- [Task objective]: Images are not part of the copy; write out the rest of the data exactly as given.

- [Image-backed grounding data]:

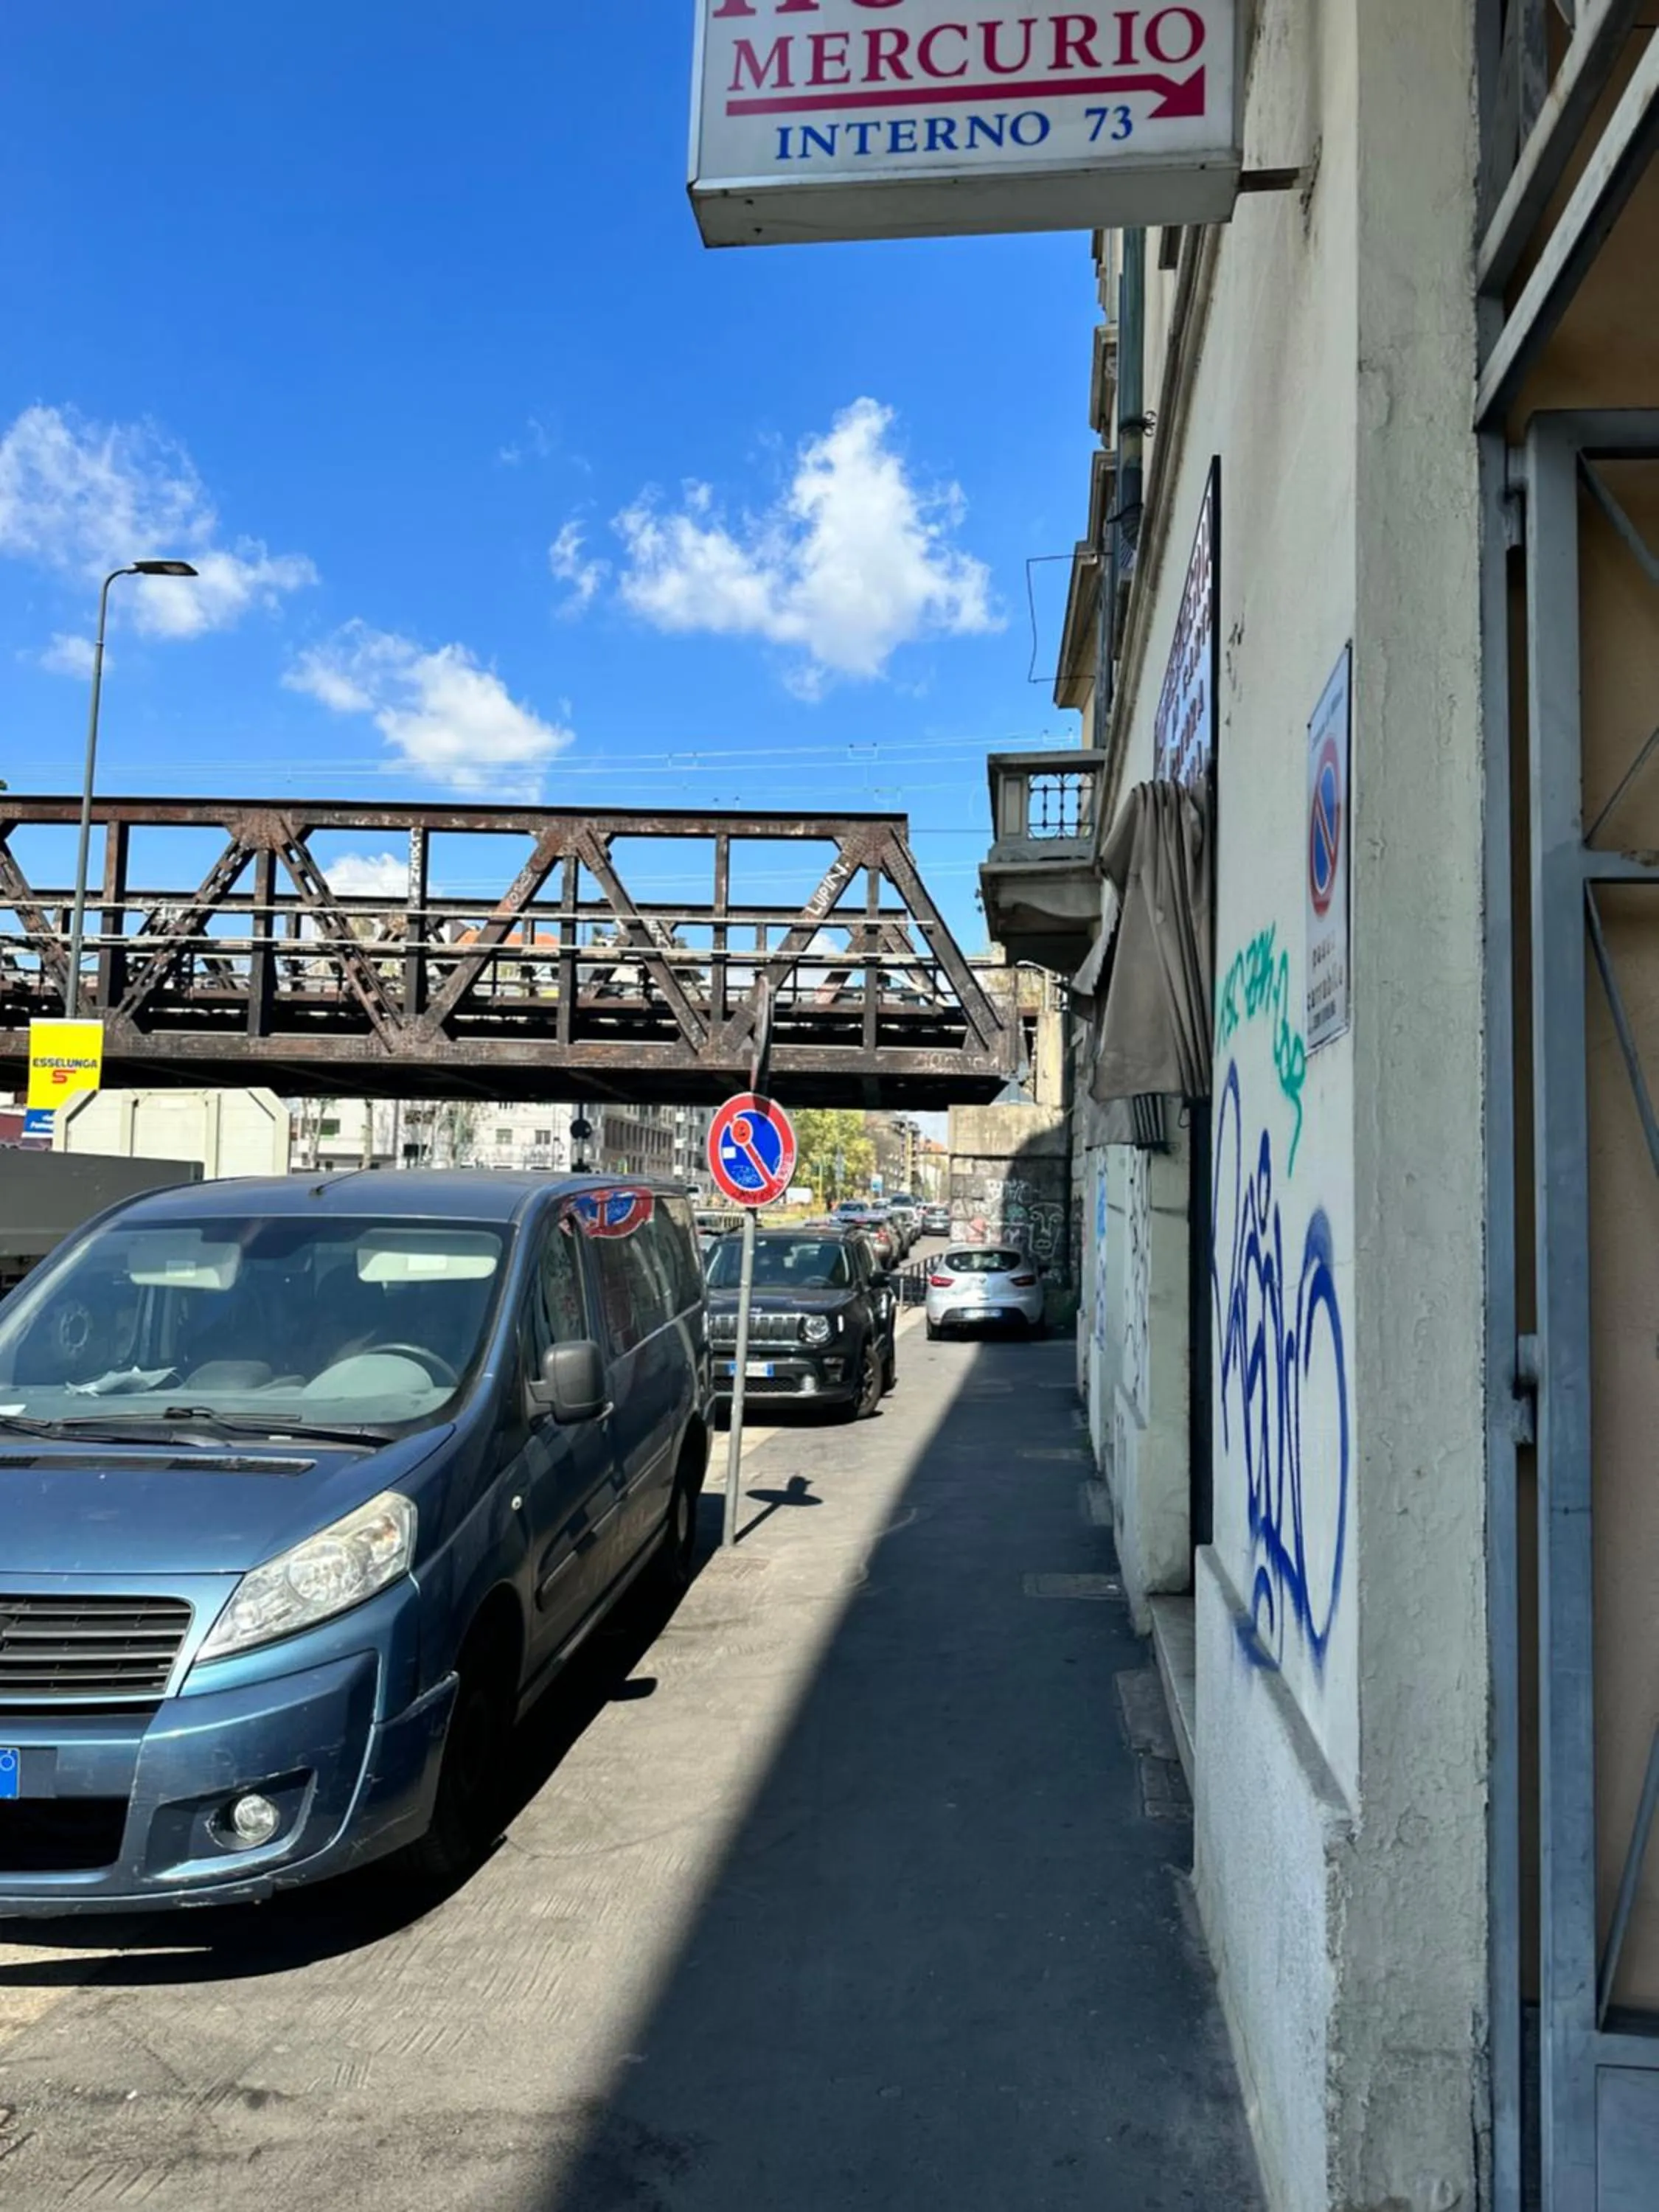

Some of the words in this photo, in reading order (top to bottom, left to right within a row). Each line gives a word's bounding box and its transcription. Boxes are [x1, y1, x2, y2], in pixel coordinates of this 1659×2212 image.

[726, 7, 1206, 92] MERCURIO
[774, 110, 1051, 161] INTERNO
[1084, 105, 1135, 144] 73
[32, 1057, 98, 1068] ESSELUNGA

- [Response box]:
Some of the words in this photo, in reading order (top to bottom, left to right within a row). Each line gives a word's bounding box and its transcription. Boxes are [x1, y1, x2, y2], in pixel coordinates of this 1659×2212 image.

[726, 7, 1206, 92] MERCURIO
[774, 110, 1051, 161] INTERNO
[1084, 105, 1135, 144] 73
[32, 1057, 98, 1068] ESSELUNGA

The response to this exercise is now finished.